25 Sep 2012 12:09 am (@@rancilyo)
Steve
Hello Alejandro,
You can use the formula for any date range, it would work, but we recommend that you use it on a longer period of time, like 28 days, because most users engage from time to time and not every week (unfortunately!).
The idea behind this metric is also to measure progress, so you may want to use the weekly value if you want to measure progress from one week to another.
25 Sep 2012 10:09 pm
Omkar Mishra
Something i have written on Similar lines to calculate Engagement Rate for Facebook:
http://csharpdflat.in/calculating-engagement-rate-on-facebook/
Let me know if it helps you guys
25 Sep 2012 11:09 pm (@csharpdflat)
MARINA
Hi Steve, Please We do not find the “engagenet user”? How we can get it?

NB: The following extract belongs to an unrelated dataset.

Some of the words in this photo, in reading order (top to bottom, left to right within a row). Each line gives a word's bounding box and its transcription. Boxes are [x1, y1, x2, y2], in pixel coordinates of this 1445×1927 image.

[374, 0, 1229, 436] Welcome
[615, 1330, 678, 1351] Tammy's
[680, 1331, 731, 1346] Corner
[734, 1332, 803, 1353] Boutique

Where does it?
Kindest Regards
Marina
27 Sep 2012 11:09 pm (@@marinapulido)
Steve
Hello Marina, you can find "Engaged users" in the excel extract of your Insights, or through 3d party solutions using Facebook's API like ours.
27 Sep 2012 11:09 pm
Marwann
Engaged Users / Reached Users is more or less how you calculate Virality Rate (Post People Talking about this / Post Reach). A little confusing…

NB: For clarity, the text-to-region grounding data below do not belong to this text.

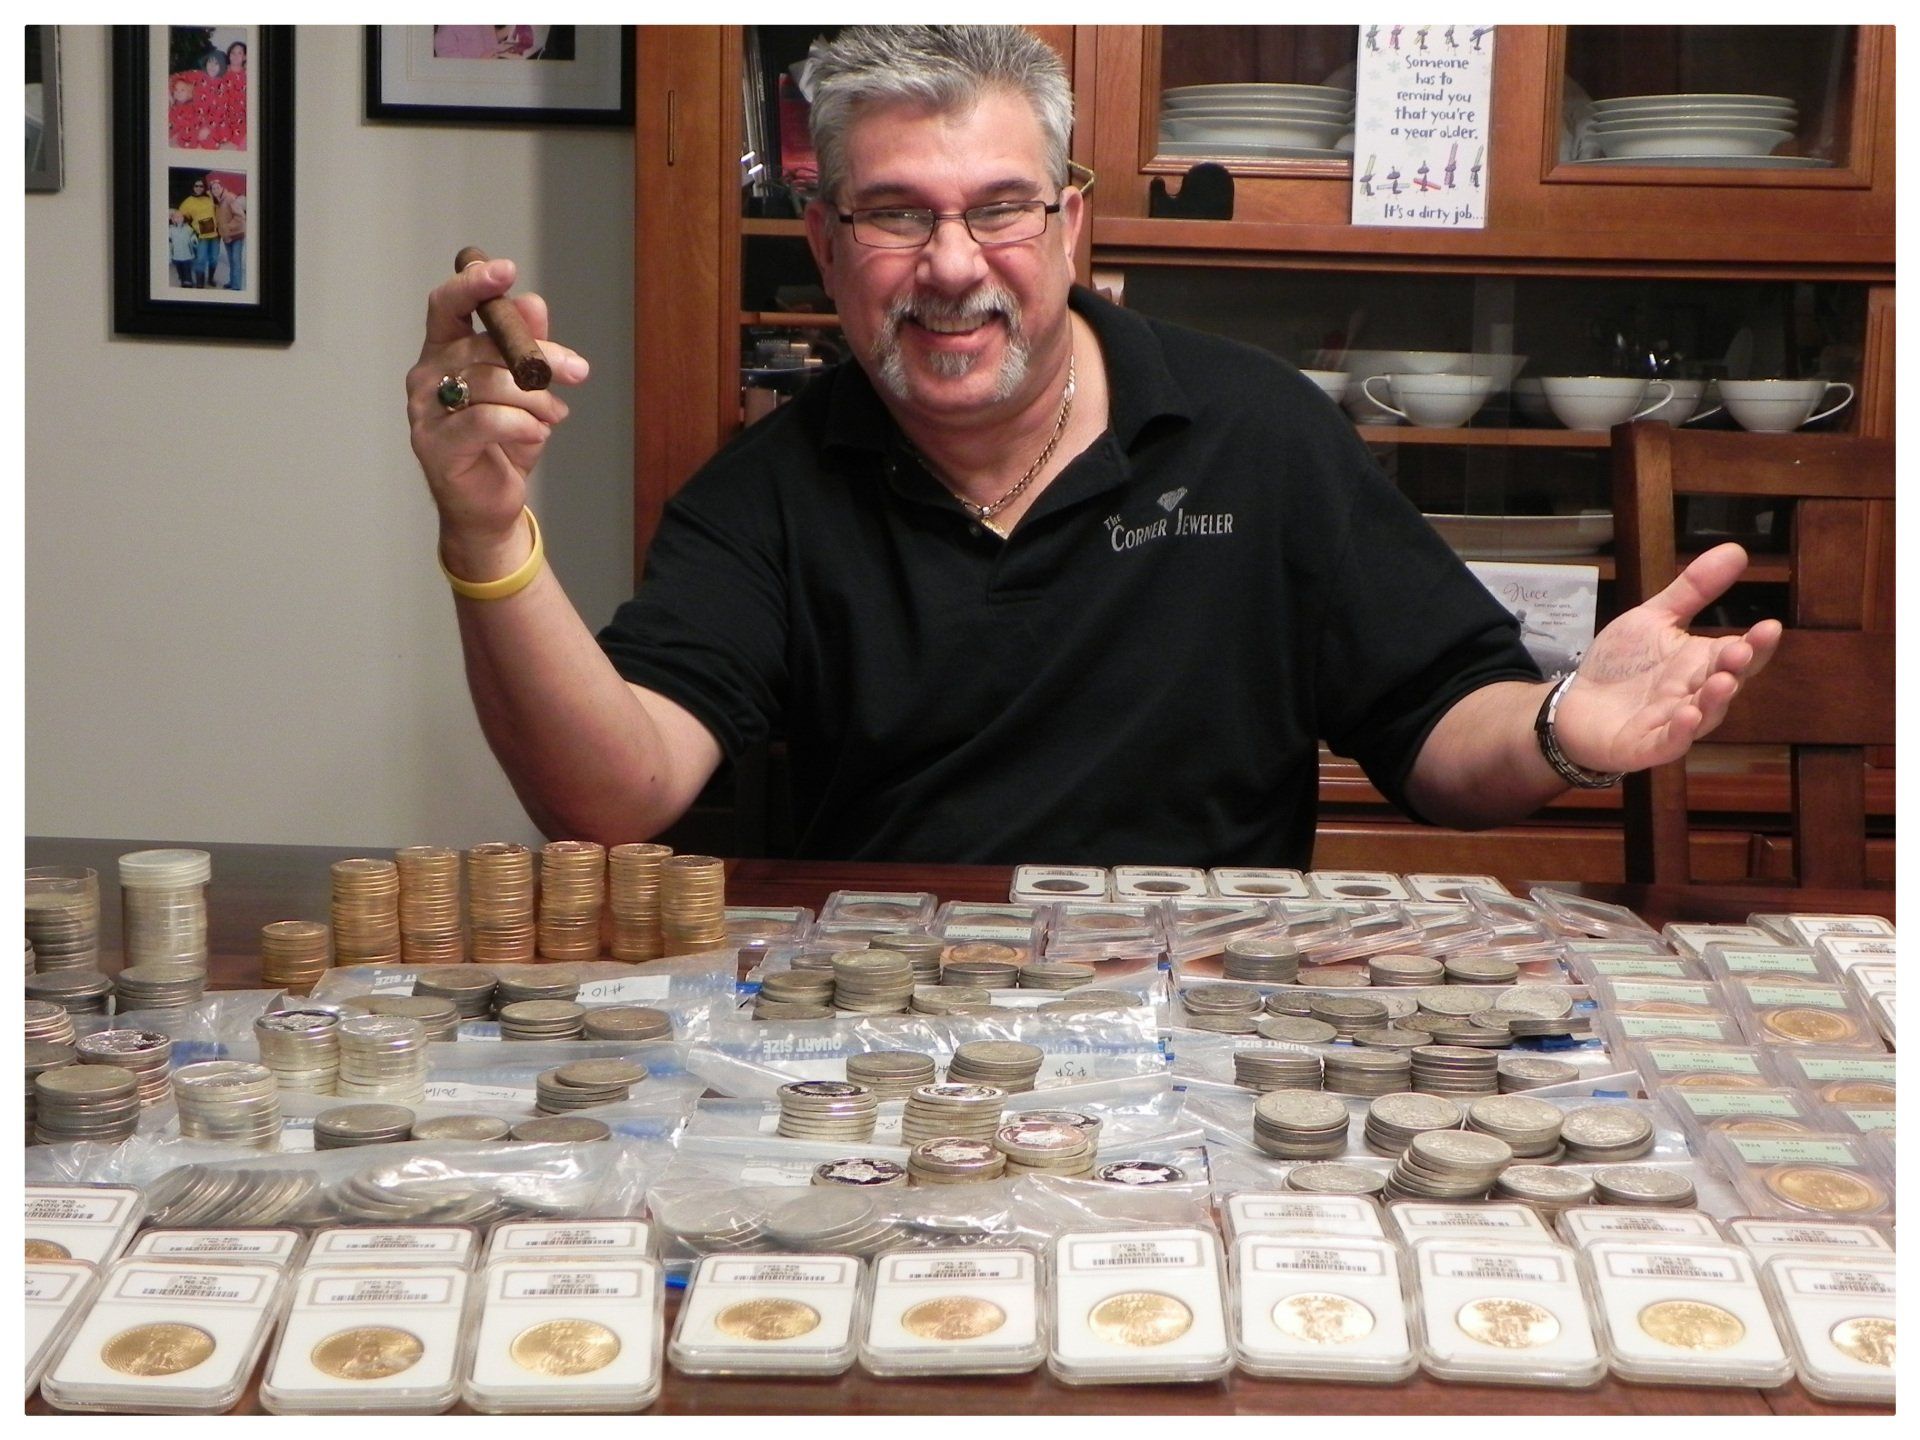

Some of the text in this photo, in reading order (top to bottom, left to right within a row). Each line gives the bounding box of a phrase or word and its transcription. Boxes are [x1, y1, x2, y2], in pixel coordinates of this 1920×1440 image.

[1405, 54, 1469, 69] Someone
[1416, 72, 1453, 85] has to
[1397, 89, 1472, 105] remind you
[1394, 106, 1475, 125] that you're
[1391, 125, 1479, 139] a year older.
[1384, 203, 1404, 218] It's
[1406, 208, 1415, 218] a
[1419, 205, 1450, 222] dirty
[1103, 513, 1122, 531] The
[1175, 508, 1234, 535] JEWELER
[1503, 582, 1549, 602] Niece
[763, 1036, 843, 1054] QUART SIZE

01 Oct 2012 12:10 pm (@marwannas)
Steve
People Talking About This and Engaged Users are really different metrics.
"People Talking About This" only includes people creating stories. Thus people looking at your pictures, playing your videos or tagging your posts, for exemple, are not included. But they are engaged nevertheless.
01 Oct 2012 12:10 pm
Liensdumatin 10/02/2012 « Ray's liens du matin
[...] Why The Current Facebook Engagement Rate Calculation Is Inaccurate | Wisemetrics – The News Fe… [...]
Mary
Question…
What is my edge rank perecentage wise if I have 135 likes and 42 fans talking about this ?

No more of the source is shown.